Please return the listing exactly as written, but without its pictures.

▬▬▬▬▬▬

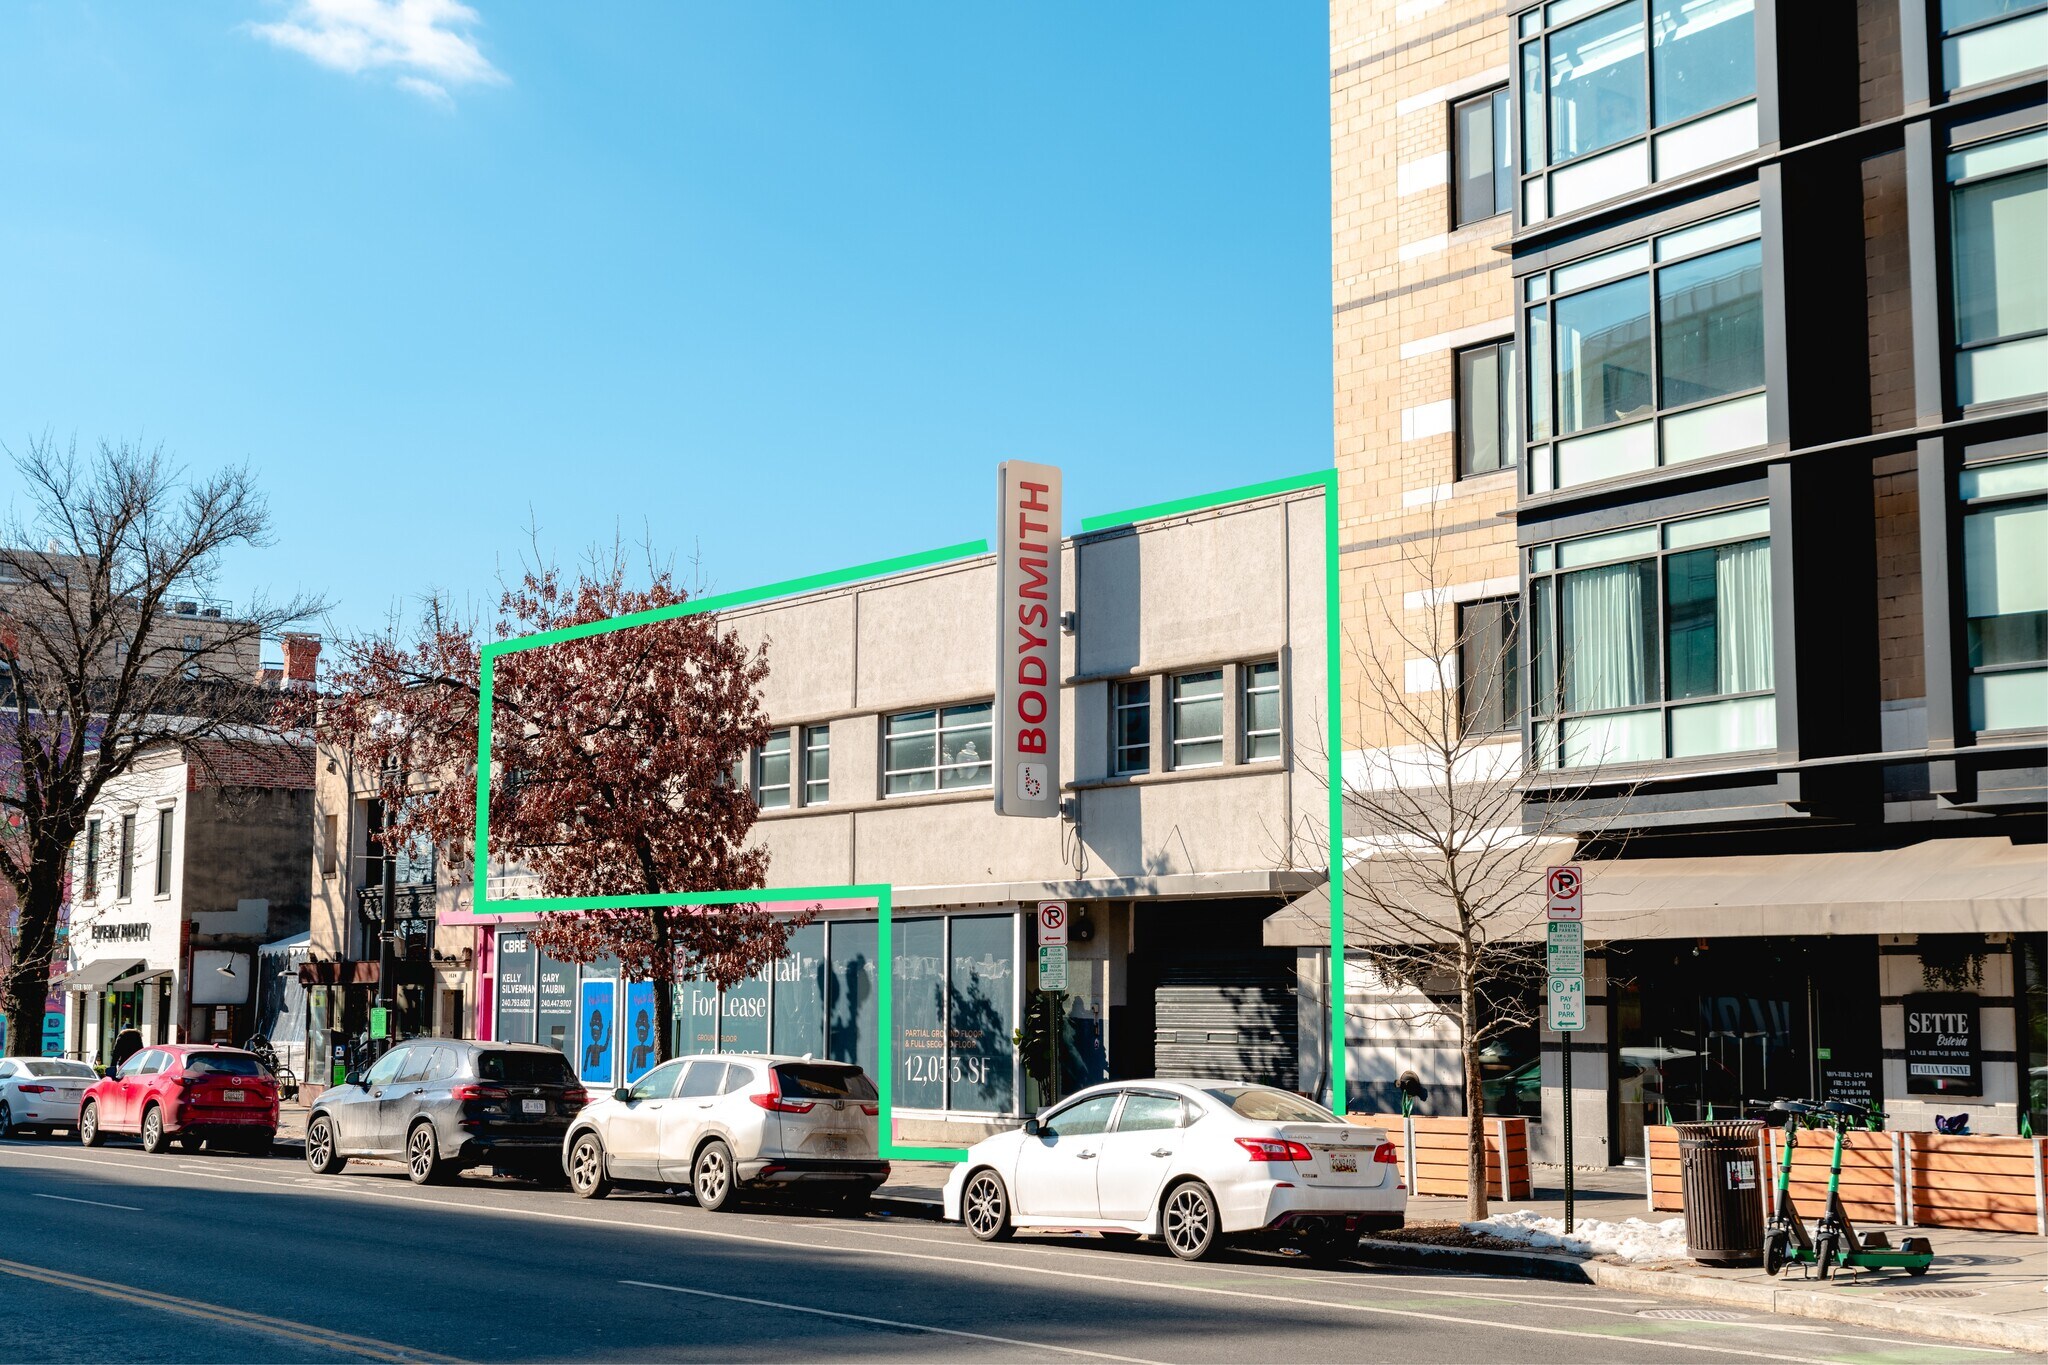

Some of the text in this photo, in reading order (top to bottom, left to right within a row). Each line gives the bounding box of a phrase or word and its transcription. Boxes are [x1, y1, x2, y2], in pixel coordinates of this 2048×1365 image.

[1017, 481, 1049, 755] BODYSMITH
[503, 940, 527, 953] CBRE
[502, 973, 522, 983] KELLY
[541, 973, 560, 983] GARY
[501, 984, 536, 994] SILVERMAN
[541, 984, 566, 994] TAUBIN
[692, 990, 717, 1017] For
[721, 990, 767, 1018] Lease
[1909, 1012, 1969, 1034] SETTE
[697, 1033, 716, 1041] GROUN
[905, 1029, 984, 1038] PARTIAL GROND FLOOR
[904, 1040, 910, 1048] &
[910, 1040, 925, 1048] FULL
[955, 1040, 977, 1048] FLOOR
[1936, 1034, 1968, 1047] Osteria
[968, 1056, 991, 1084] SF
[1912, 1064, 1969, 1075] ITALIAN CUISINE

▬▬▬▬▬▬

§ **Reply**
Some of the text in this photo, in reading order (top to bottom, left to right within a row). Each line gives the bounding box of a phrase or word and its transcription. Boxes are [x1, y1, x2, y2], in pixel coordinates of this 2048×1365 image.

[1017, 481, 1049, 755] BODYSMITH
[503, 940, 527, 953] CBRE
[502, 973, 522, 983] KELLY
[541, 973, 560, 983] GARY
[501, 984, 536, 994] SILVERMAN
[541, 984, 566, 994] TAUBIN
[692, 990, 717, 1017] For
[721, 990, 767, 1018] Lease
[1909, 1012, 1969, 1034] SETTE
[697, 1033, 716, 1041] GROUN
[905, 1029, 984, 1038] PARTIAL GROND FLOOR
[904, 1040, 910, 1048] &
[910, 1040, 925, 1048] FULL
[955, 1040, 977, 1048] FLOOR
[1936, 1034, 1968, 1047] Osteria
[968, 1056, 991, 1084] SF
[1912, 1064, 1969, 1075] ITALIAN CUISINE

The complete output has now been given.